At any one time, built-in inflation represents one of three major determinants of the current inflation rate. In Robert J. Gordon's triangle model of inflation, the current inflation rate equals the sum of demand-pull inflation, supply-shock inflation, and built-in inflation. "Demand-pull inflation" refers to the effects of falling unemployment rates (rising real gross domestic product) in the Phillips curve model, while the other two factors lead to shifts in the Phillips curve.
The built-in inflation we see now started with either persistent demand-pull or large cost-push (supply-shock) inflation in the past. It then became a "normal" aspect of the workings of the economy due to the roles of inflationary expectations and the price/wage spiral.
- Inflationary expectations play a role because if workers and employers expect inflation to persist in the future, they will increase their (nominal) wages and prices now. (see real vs. nominal in economics.) This means that inflation happens now simply because of subjective views about what may happen in the future. Of course, following the generally-accepted theory of adaptive expectations, such inflationary expectations arise because of persistent past experience with inflation.
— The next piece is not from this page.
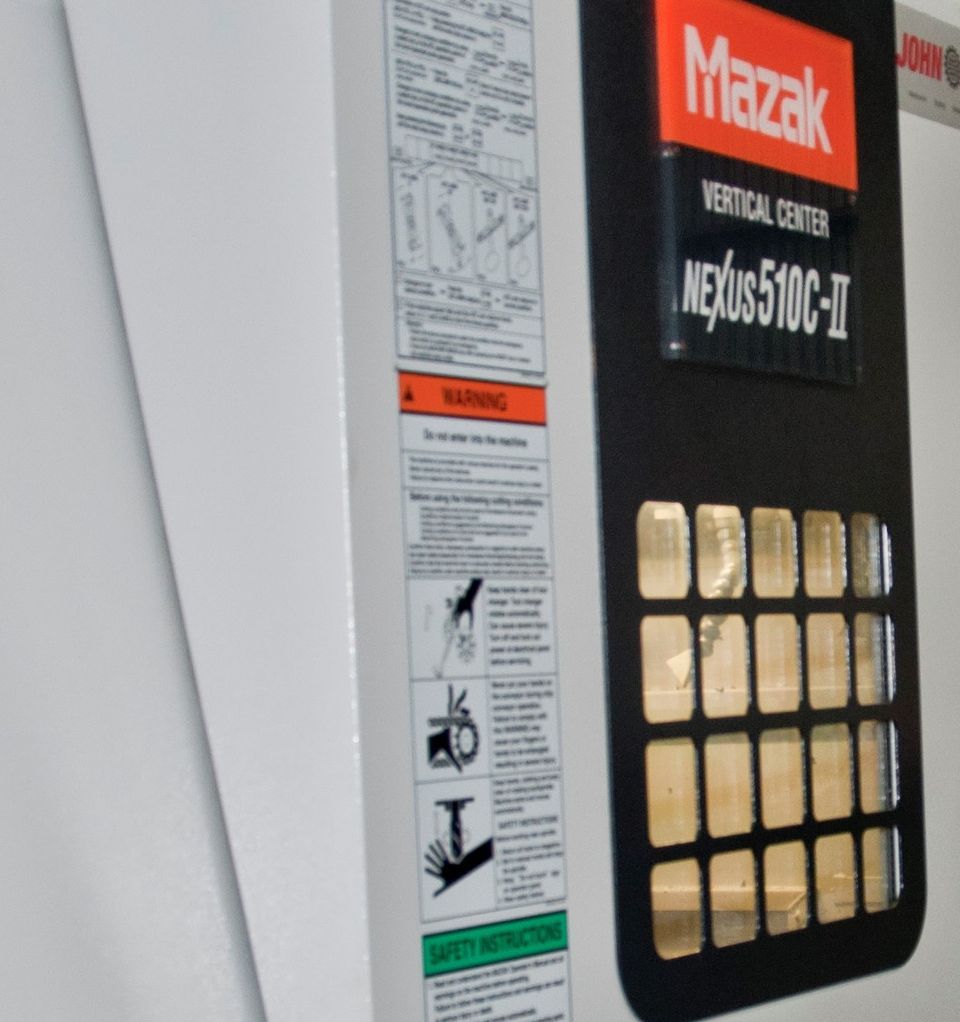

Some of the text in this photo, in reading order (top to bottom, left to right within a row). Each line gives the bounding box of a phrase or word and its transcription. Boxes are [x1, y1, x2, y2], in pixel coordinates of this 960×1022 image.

- The price/wage spiral refers to the conflictual nature of the wage bargain in modern capitalism. (It is part of the conflict theory of inflation, referring to the objective side of the inflationary process.) Workers and employers usually do not get together to agree on the value of real wages. Instead, workers attempt to protect their real wages (or to attain a target real wage) by pushing for higher money (or nominal) wages. Thus, if they expect price inflation -- or have experienced price inflation in the past -- they push for higher money wages. If they are successful, this raises the costs faced by their employers. To protect the real value of their profits (or to attain a target profit rate or rate of return on investment), employers then pass the higher costs onto consumers in the form of higher prices. This encourages workers to push for higher money wages.
In the end, built-in inflation involves a vicious circle of both subjective and objective elements, so that inflation encourages inflation to persist. It means that the standard methods of fighting inflation using either monetary policy or fiscal policy to induce a recession are extremely expensive, i.e., meaning large rises in unemployment and large falls in real gross domestic product. This suggests that alternative methods such as wage and price controls (incomes policies) may be needed as complementary to recessions in the fight against inflation.